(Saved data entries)
####################

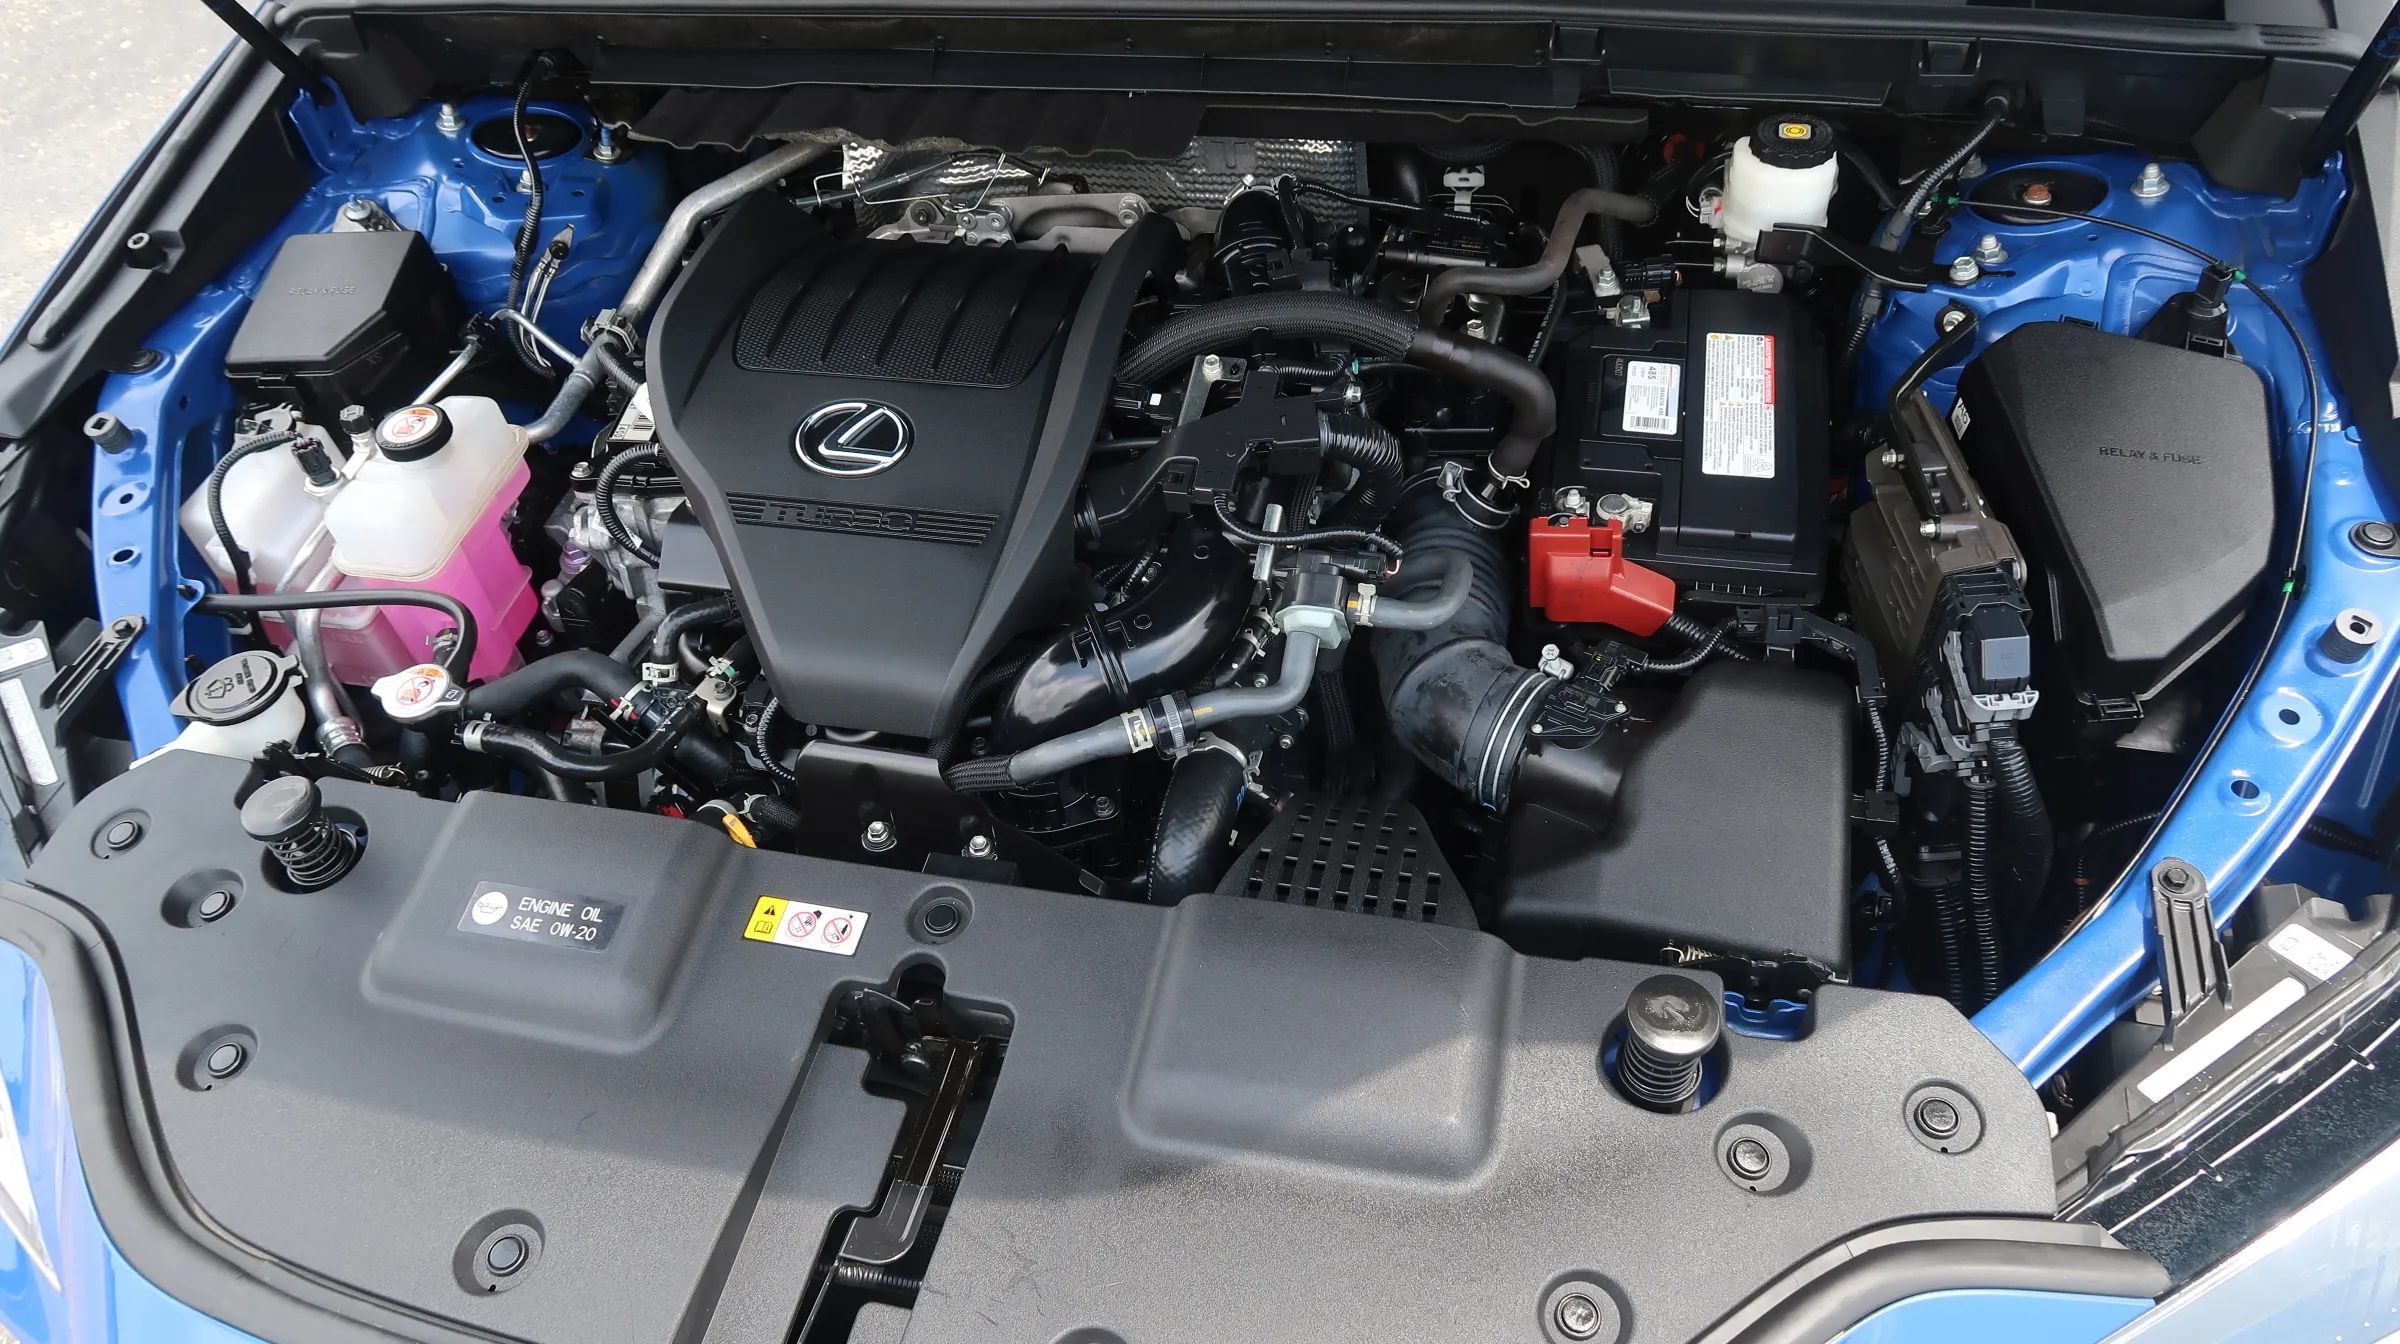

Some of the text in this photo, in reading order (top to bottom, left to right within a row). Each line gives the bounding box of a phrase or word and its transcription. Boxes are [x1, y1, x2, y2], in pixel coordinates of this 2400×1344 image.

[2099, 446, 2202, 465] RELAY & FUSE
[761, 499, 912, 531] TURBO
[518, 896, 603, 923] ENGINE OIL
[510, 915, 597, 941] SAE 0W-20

####################

**Exercise objective**
Transcribe all entries above exactly. Drop the pictures.

**Exercise response**
Some of the text in this photo, in reading order (top to bottom, left to right within a row). Each line gives the bounding box of a phrase or word and its transcription. Boxes are [x1, y1, x2, y2], in pixel coordinates of this 2400×1344 image.

[2099, 446, 2202, 465] RELAY & FUSE
[761, 499, 912, 531] TURBO
[518, 896, 603, 923] ENGINE OIL
[510, 915, 597, 941] SAE 0W-20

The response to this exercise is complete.